[Free-text object descriptions]

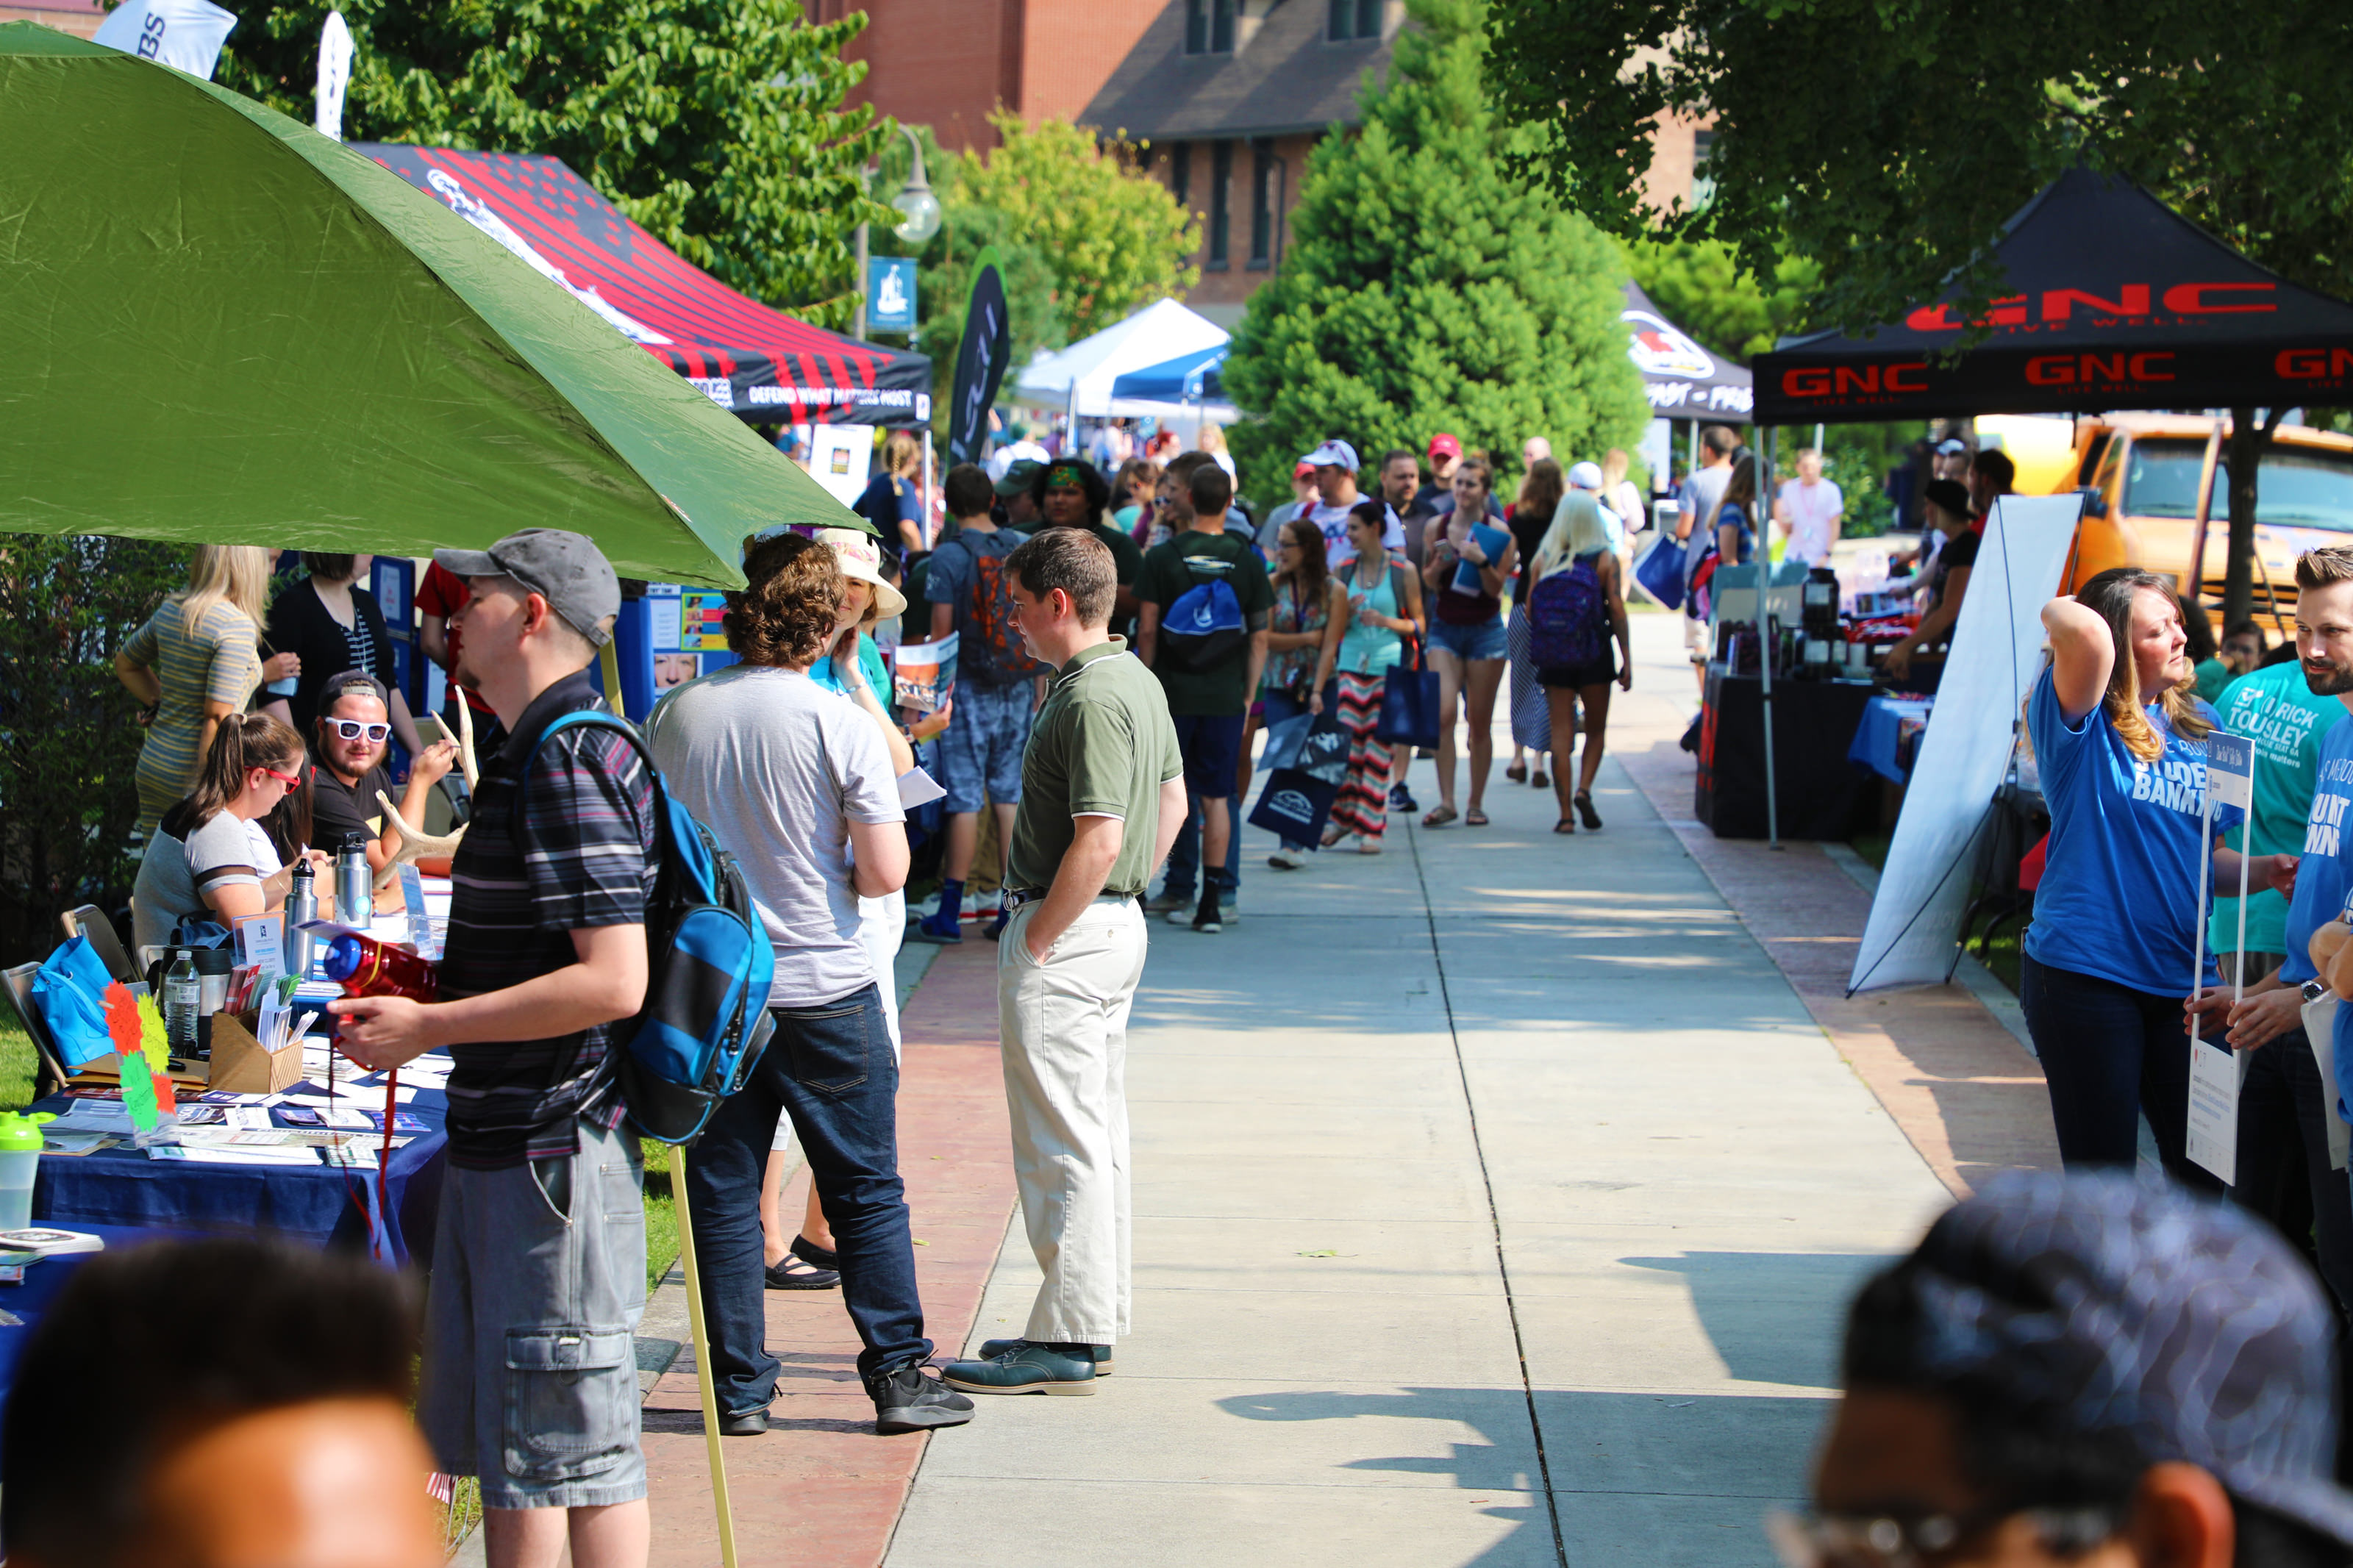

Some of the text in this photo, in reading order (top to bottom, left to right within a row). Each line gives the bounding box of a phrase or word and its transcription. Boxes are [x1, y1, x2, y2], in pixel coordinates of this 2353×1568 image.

[1906, 282, 2277, 332] GNC
[1782, 362, 1929, 398] GNC
[2024, 351, 2176, 386] GNC
[2058, 385, 2091, 394] LIVE
[2308, 379, 2343, 389] LIVE
[749, 386, 797, 404] DEFEND
[797, 387, 832, 405] WHAT
[880, 389, 913, 407] MOST
[1813, 397, 1846, 406] LIVE
[2228, 706, 2309, 748] TOUSLEY
[2275, 701, 2320, 729] RICK
[2269, 752, 2301, 769] matters
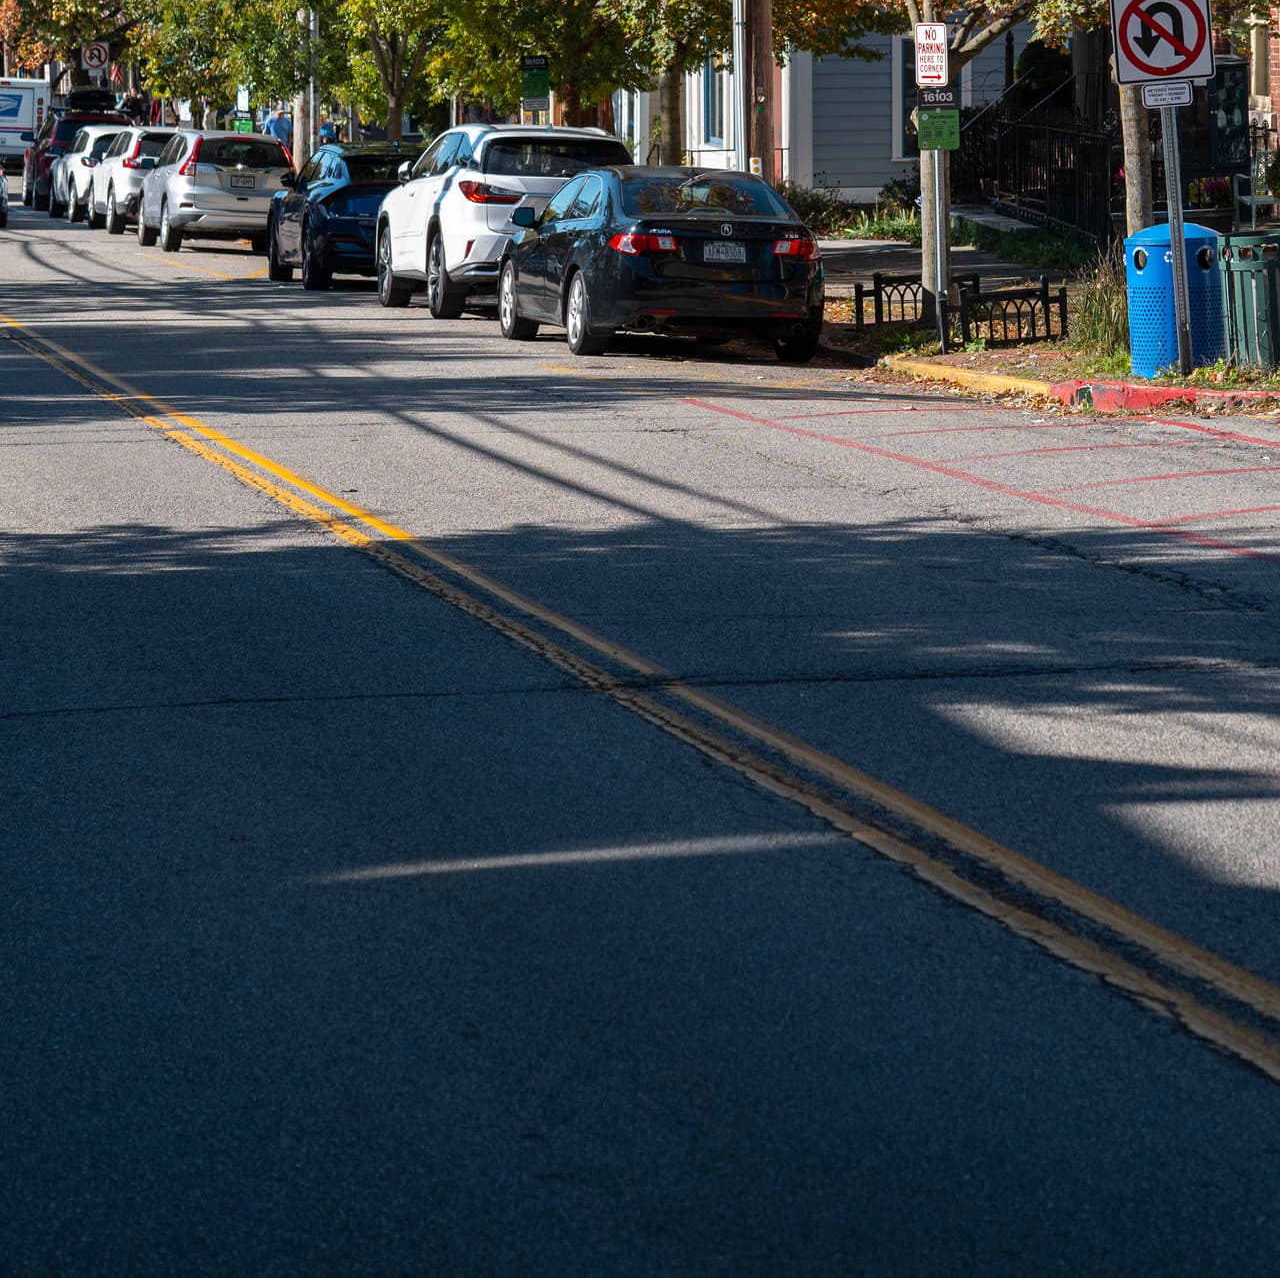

#### ASSIGNED TASK
I'd like the entries above repeated exactly, but without any of their pictures.

#### FINISHED TASK
Some of the text in this photo, in reading order (top to bottom, left to right within a row). Each line gives the bounding box of a phrase or word and its transcription. Boxes are [x1, y1, x2, y2], in pixel coordinates of this 2353×1568 image.

[1906, 282, 2277, 332] GNC
[1782, 362, 1929, 398] GNC
[2024, 351, 2176, 386] GNC
[2058, 385, 2091, 394] LIVE
[2308, 379, 2343, 389] LIVE
[749, 386, 797, 404] DEFEND
[797, 387, 832, 405] WHAT
[880, 389, 913, 407] MOST
[1813, 397, 1846, 406] LIVE
[2228, 706, 2309, 748] TOUSLEY
[2275, 701, 2320, 729] RICK
[2269, 752, 2301, 769] matters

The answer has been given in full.